Li Daoxuan dit : « Jetez ce type dedans, immergez chaque partie sauf la tête. »
Le héros des forêts vit cette cuve de « poison » et paniqua : « Impossible ! Vous pouviez pas me tuer — m'empoisonner à mort, et vous n'apprendrez rien. »
Li Daoxuan dit : « Perdez pas de temps à lui parler. Jetez-le dedans, attention à pas vous en éclabousser. »
Zheng Gouzi empoigna le héros des forêts, le balança dans la grande baignoire remplie d'huile, et fit un bond en arrière pour éviter l'eau verte empoisonnée de lui gicler dessus.
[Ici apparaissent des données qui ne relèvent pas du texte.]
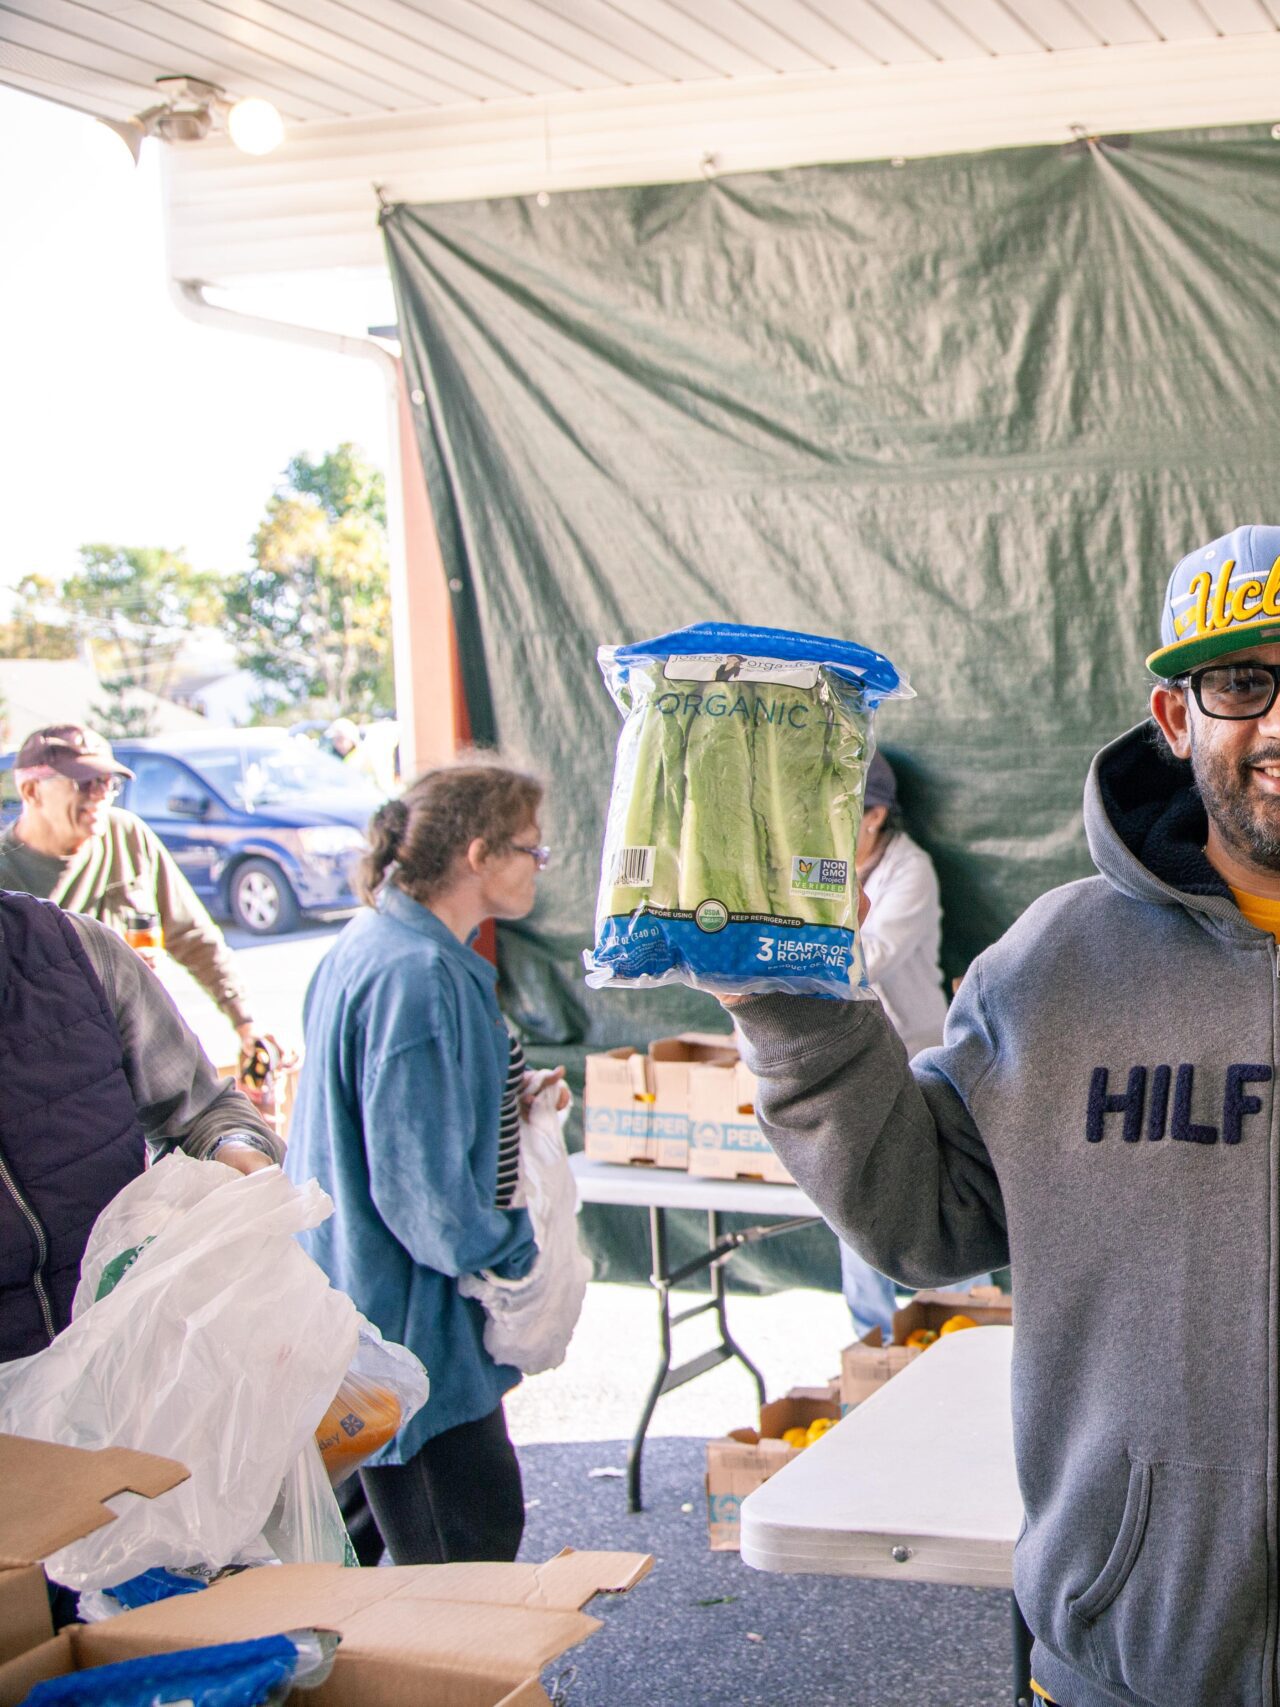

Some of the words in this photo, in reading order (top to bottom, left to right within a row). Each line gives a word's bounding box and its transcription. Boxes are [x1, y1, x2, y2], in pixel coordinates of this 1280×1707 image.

Le héros des forêts s'écrasa dans la baignoire d'huile. Cette sensation instantanée était indescriptible — chaque tissu muqueux de son corps brûlait d'une douleur intense, même son anus lui semblait terriblement plein.
« Aaahhh ! » hurla le héros des forêts. « C'est quoi cette eau de poison bizarre… Aaahhh… Sortez-moi de là… Sortez-moi… Aaah, j'en peux plus… Aaahhh, je fonds dedans… »
Tout le monde le regarda lutter froidement.
Li Daoxuan était d'ordinaire un gentil tout mou, mais là il ne montra aucune tendresse ; sa colère pour la vie de quatre subordonnés lui brûlait l'esprit, ne laissant aucune once de pitié.
« Je meurs… Je parle… Je parle… Pitié, sortez-moi vite… »
Ce n'est qu'alors que Li Daoxuan plongea la main dans une boîte, la toucha du doigt, renversa la baignoire, et vida toute l'huile. Le héros des forêts gisait par terre, se tordant de douleur.
Li Daoxuan dit : « Arrosez-le d'eau ! »
Zheng Gouzi et les autres apportèrent plusieurs bassines d'eau, se ruant pour la verser sur le corps du héros des forêts. La sensation de brûlure finit par s'estomper, mais des endroits comme son anus faisaient encore atrocement mal…
« Parle, qui t'a envoyé ? » pressa Bai Yuan : « Si tu veux pas retourner dans cette cuve, balance tout docilement. »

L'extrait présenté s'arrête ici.